UCSB's "A Call to Action" curators Paige Sundstrom (left), Calli Force, and Des Alaniz | Credit: Madison Smoak

Since October 2021, UC Santa Barbara’s library has been showcasing artistic responses to the COVID-19 pandemic and Black Lives Movement in an exhibit called A Call To Action. The exhibit is a collection of photography, writing, audio, and digital graphics that were submitted to the community archives by students, staff, faculty, and the larger Santa Barbara community. 

Credit: Madison Smoak

The responses to a time of protest and quarantine are both collective and individual, which the exhibit seeks to portray through the different artistic mediums and diverse voices.

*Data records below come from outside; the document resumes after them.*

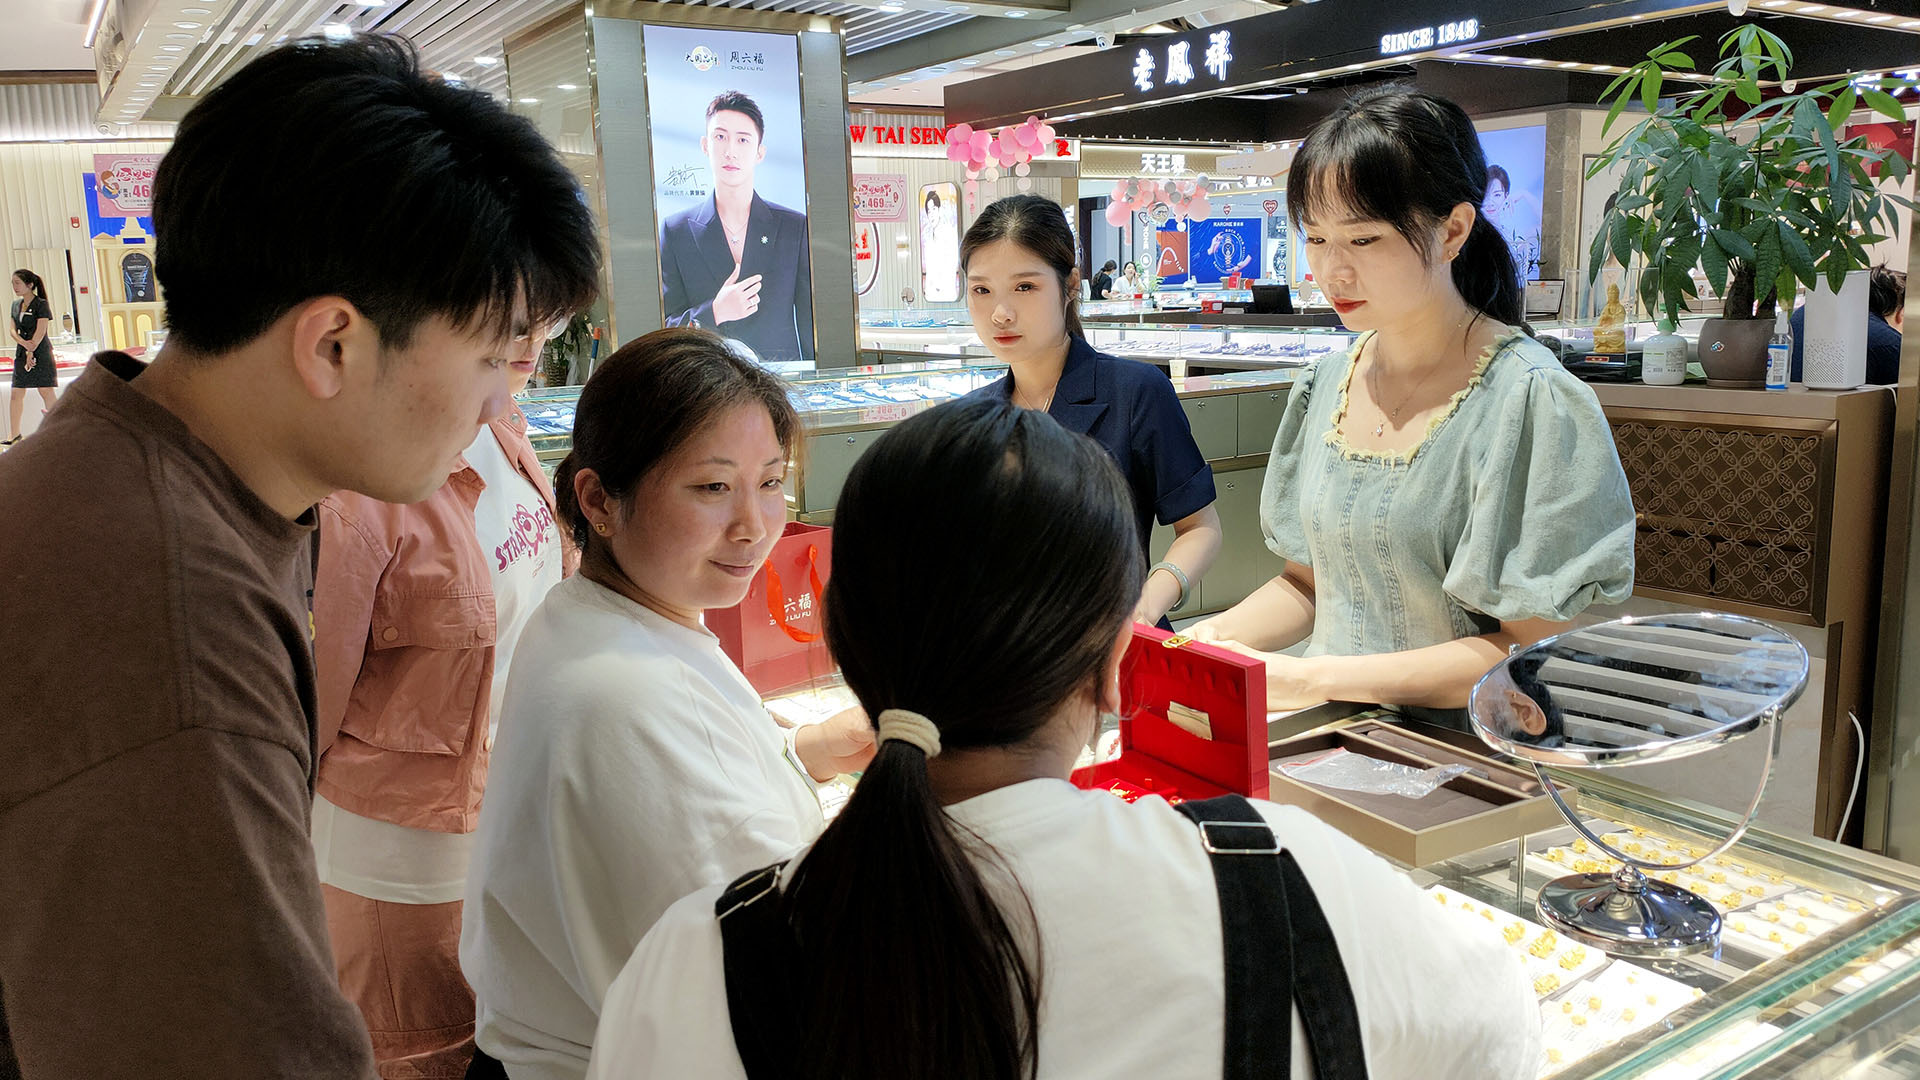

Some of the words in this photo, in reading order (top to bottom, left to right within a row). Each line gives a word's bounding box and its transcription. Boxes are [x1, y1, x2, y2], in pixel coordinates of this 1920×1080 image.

[1381, 27, 1434, 54] SINCE
[1437, 18, 1479, 45] 1848
[730, 51, 764, 65] 周六福
[873, 125, 905, 145] TAI
[133, 184, 152, 198] 46
[867, 197, 885, 208] 469
[801, 610, 811, 618] FU
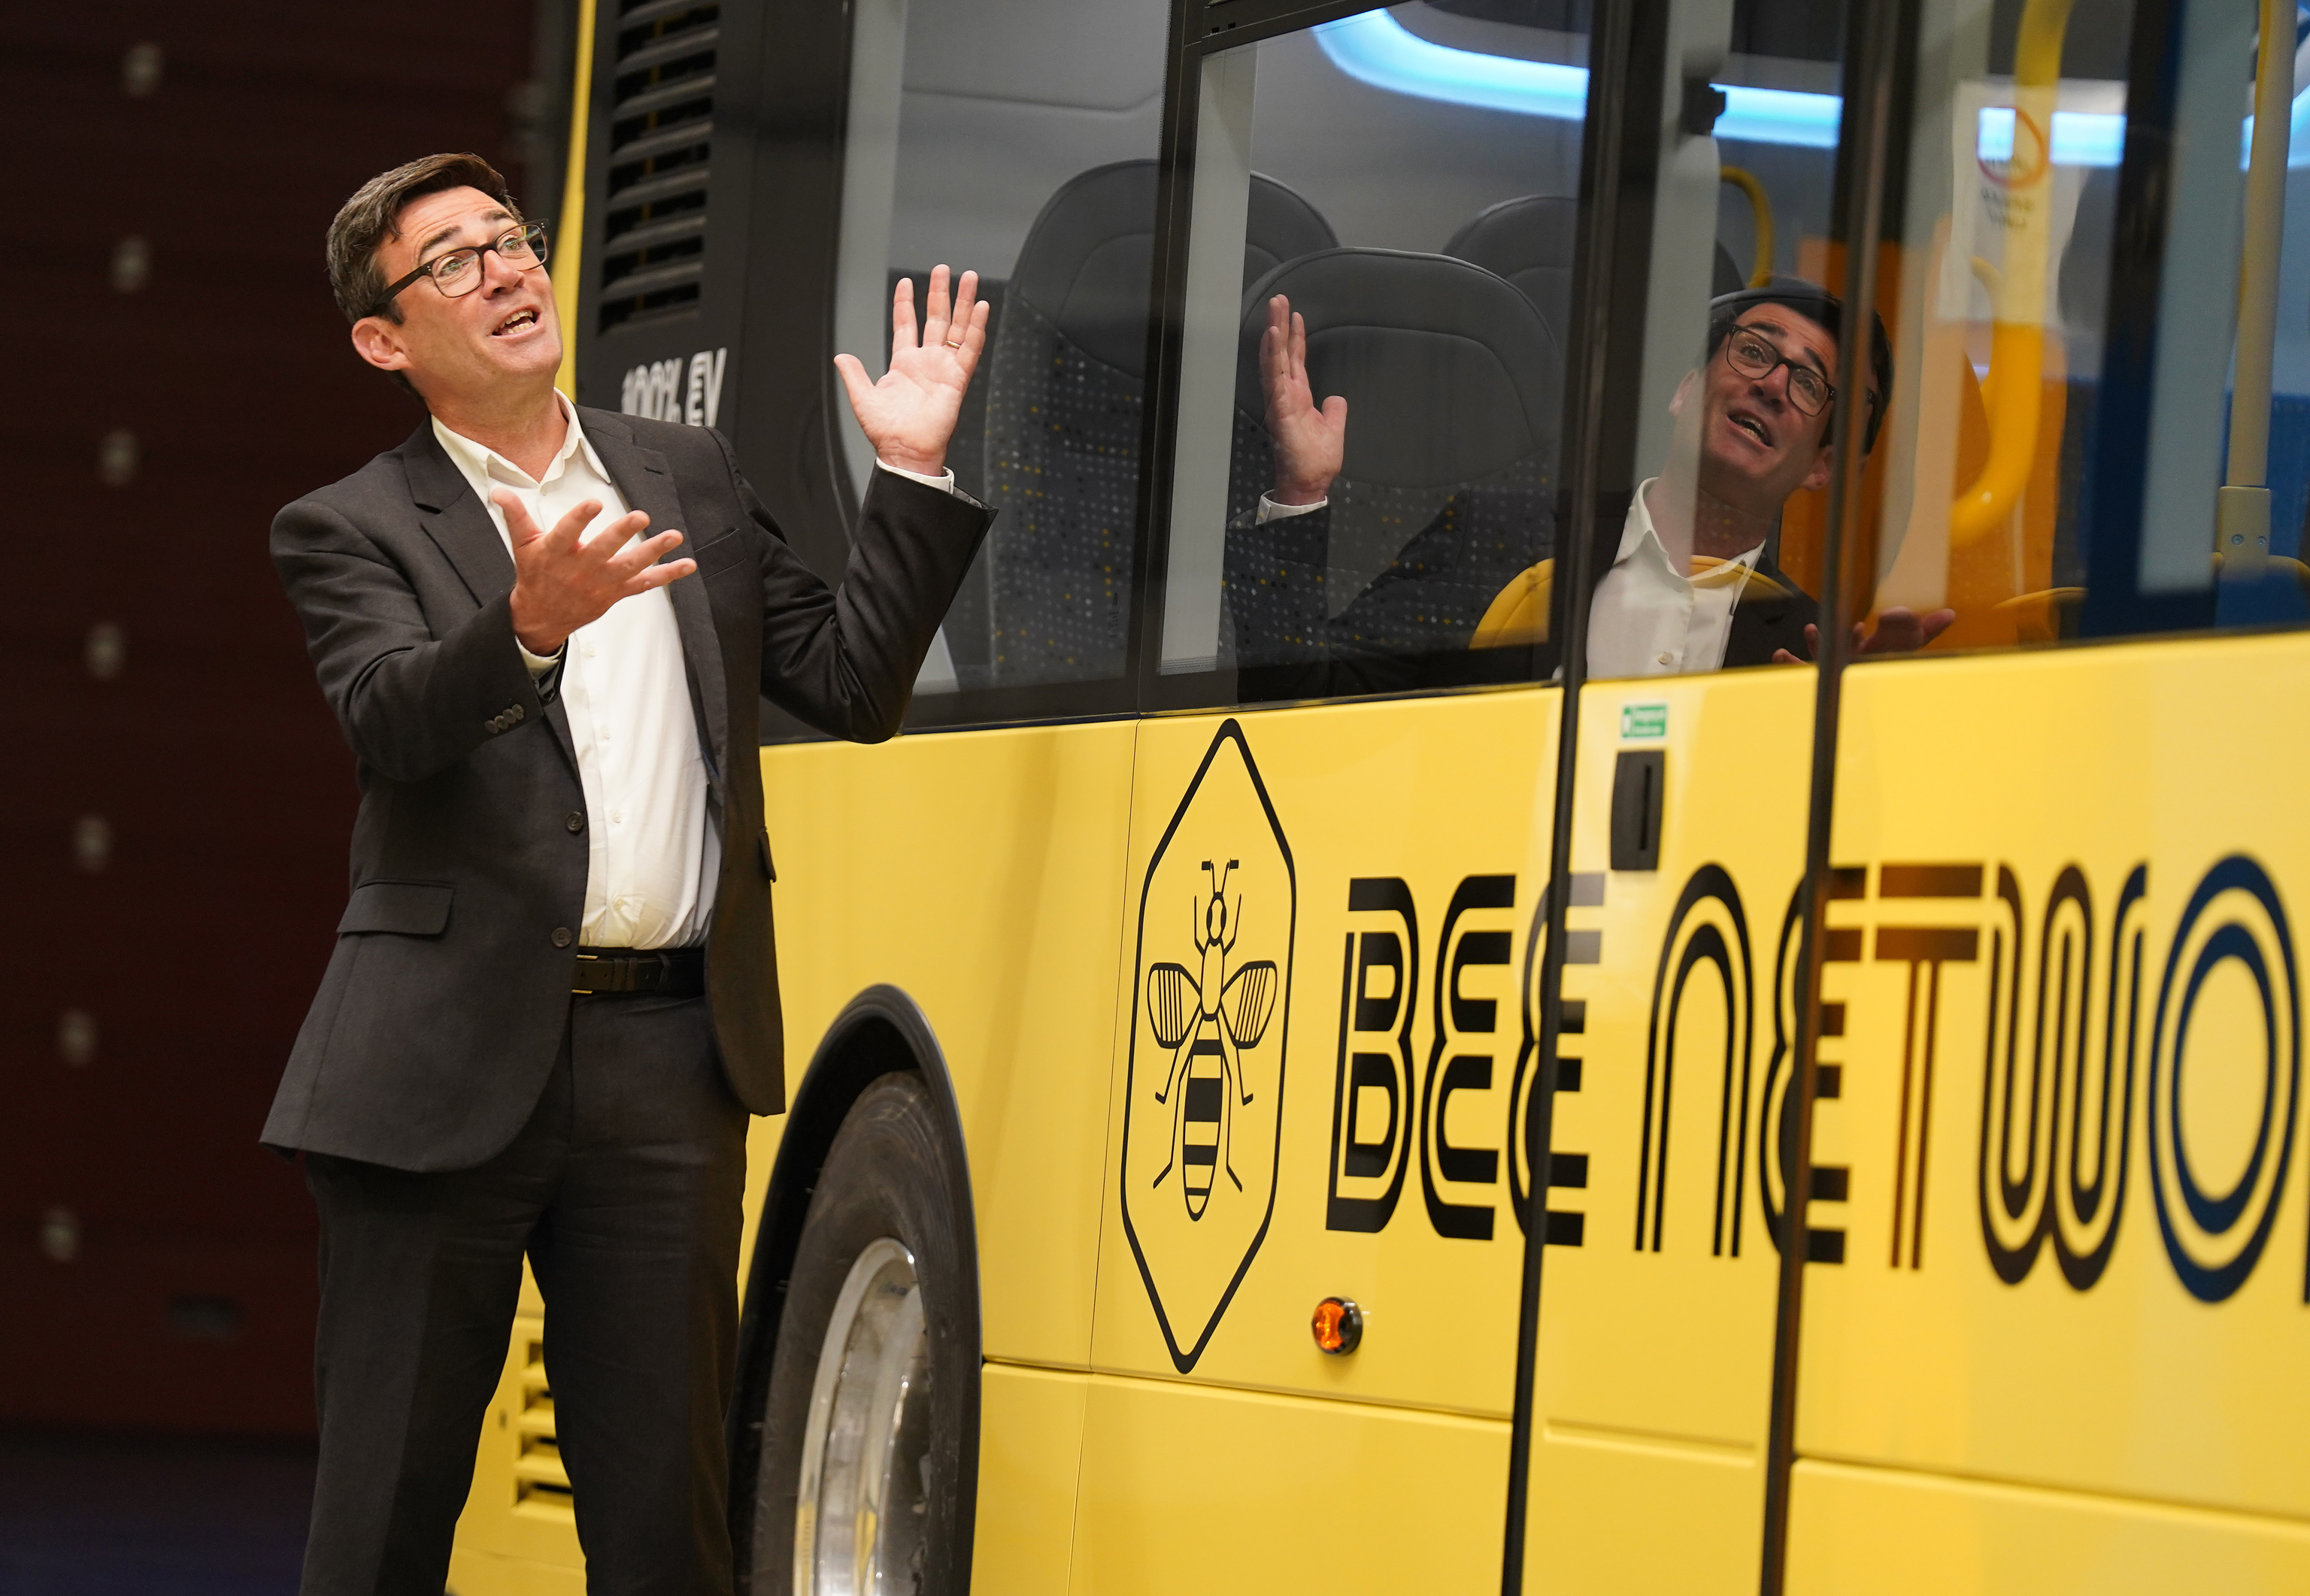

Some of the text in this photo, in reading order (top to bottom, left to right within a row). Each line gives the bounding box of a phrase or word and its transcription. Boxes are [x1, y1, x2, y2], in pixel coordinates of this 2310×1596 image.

[685, 347, 727, 428] EV
[1325, 853, 2310, 1305] BEE NETWO
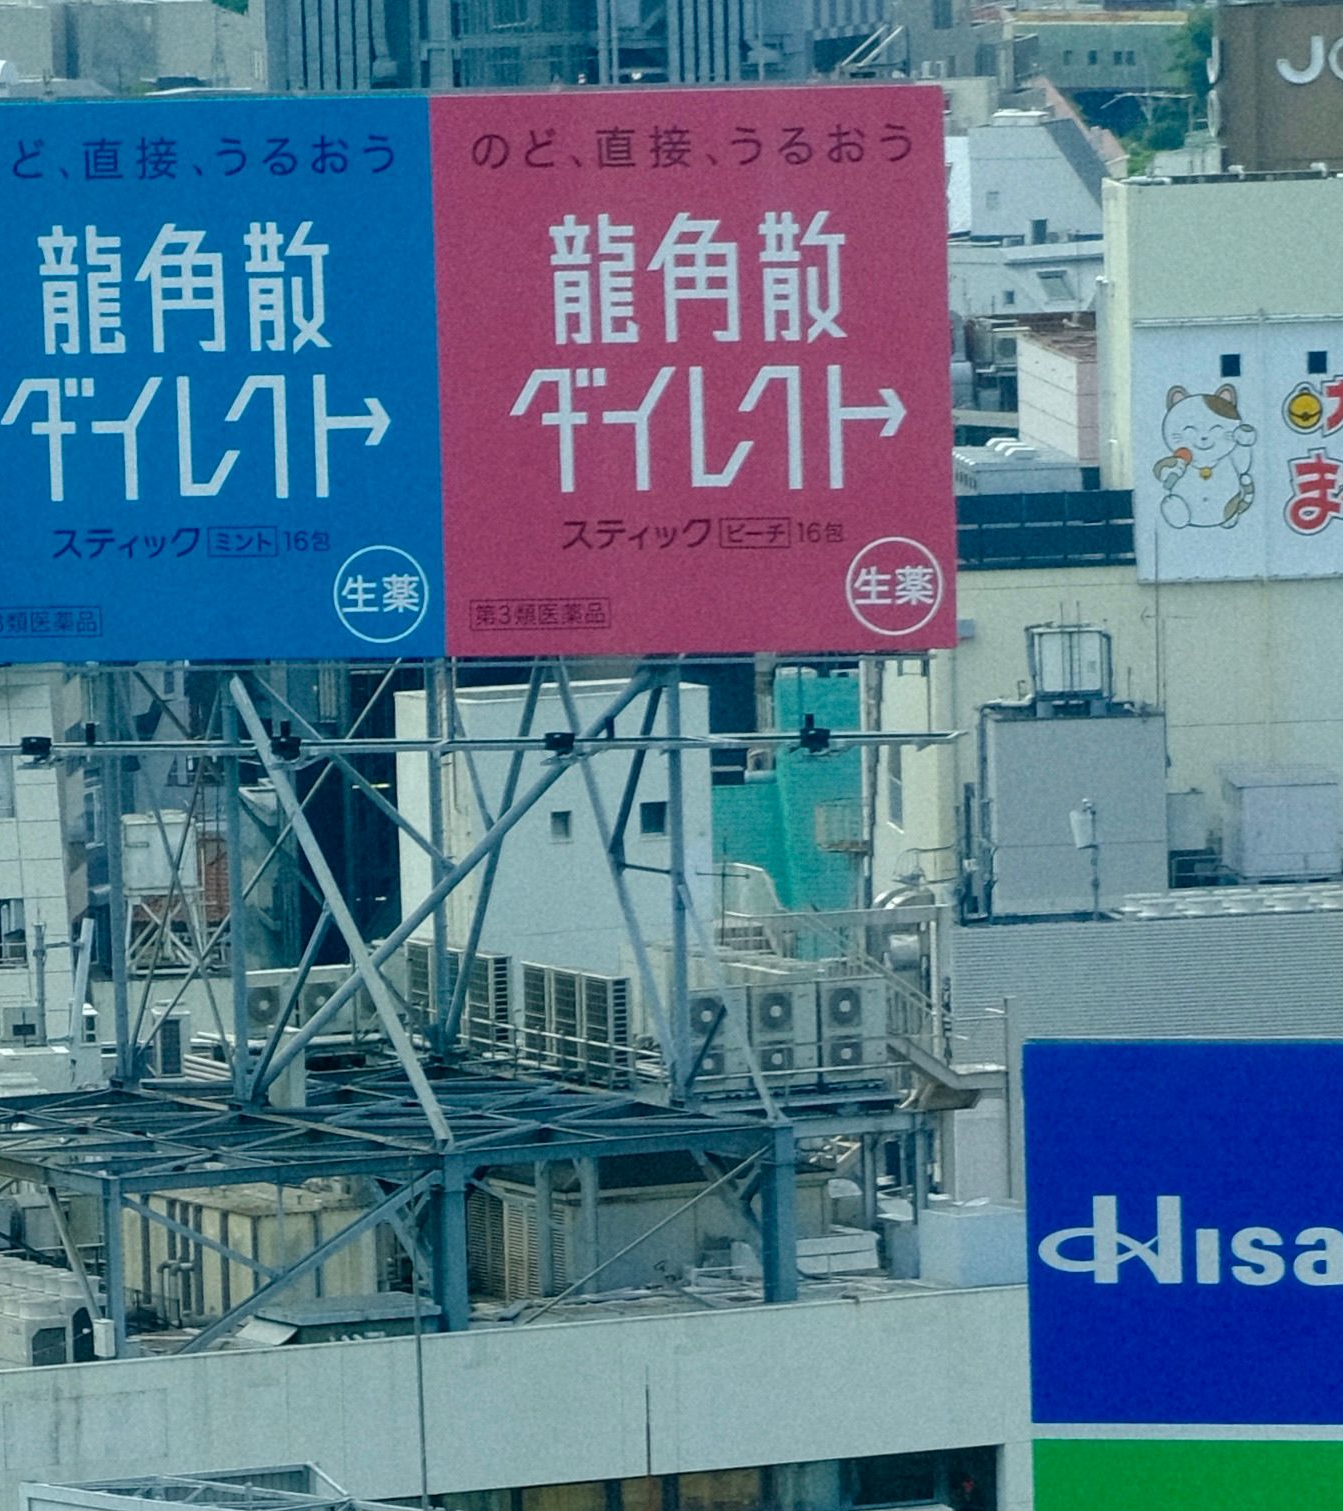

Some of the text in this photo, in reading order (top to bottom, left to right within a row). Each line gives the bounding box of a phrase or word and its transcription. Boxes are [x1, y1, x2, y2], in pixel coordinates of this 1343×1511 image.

[471, 123, 914, 172] のど、直接、うるおう
[37, 220, 332, 355] 龍角散
[549, 210, 847, 345] 龍角散
[0, 373, 392, 501] ダイレクト
[510, 364, 905, 492] ダイレクト
[52, 526, 331, 561] スティック ミント 16包
[562, 517, 844, 551] スティック ピーチ 16包
[341, 575, 423, 616] 生薬
[854, 565, 936, 606] 生薬
[472, 602, 608, 630] 第3類医薬品

Teaching and Learning Librarian Paige Sundstrom said, “For me personally, it is important to know how we are telling a story, who is telling the story, as well as having physical artifacts to represent this time uniquely and well.”

COVID-19 and Black Lives Matter protests have marked the past three years, and the curators of the exhibit — Sundstrom, Calli Force, and Des Alaniz — wanted the exhibit to be interactive and guide visitors through the experience and inspire them to reflect or submit their own work.

Their ideas and creation of the exhibit was completely remote, but their work came to life in the physical space. The exhibit is unique in that it captures an ongoing conversation about the pandemic and anti-racism protests, since these experiences are a part of history as much as they are still occurring.

Credit: Madison Smoak

The exhibit engages all visitors immediately, as participants are encouraged to grab a white baggie full of different colored beads, each matched with a specific emotional response: optimistic, confused, inspired, angry, or empathetic. At the end of every exhibit component, visitors are welcomed to drop a bead in a clear container to indicate the way the experience made them feel. It invites visitors to be active participants and will also give curators data to tally.

More interactive pieces include DJ Philo Beto on an MP3 recording, projections from video games, and a Polaroid camera for visitors to leave a photo behind: an alternative take on a guest book. Chalk images, entire journal collections from classrooms, and vinyl quotes fill the room. “You can feel nervous, sad, curious, inspired all at once,” Sundstrom said.

The exhibit has reopened to the public this month after the library was closed during the pandemic. Visitors are asked to complete an online form for a green badge located on the website and can also experience the exhibit remotely on a digital online platform. The hope is that the exhibit itself will inspire others to submit their work. Submissions remain open indefinitely to the official UCSB University Archives. 

The A Call To Action exhibit will be open until the end of the academic year in June 2022 with a special reception on April 5 where the public can meet the curators and some of the artists themselves.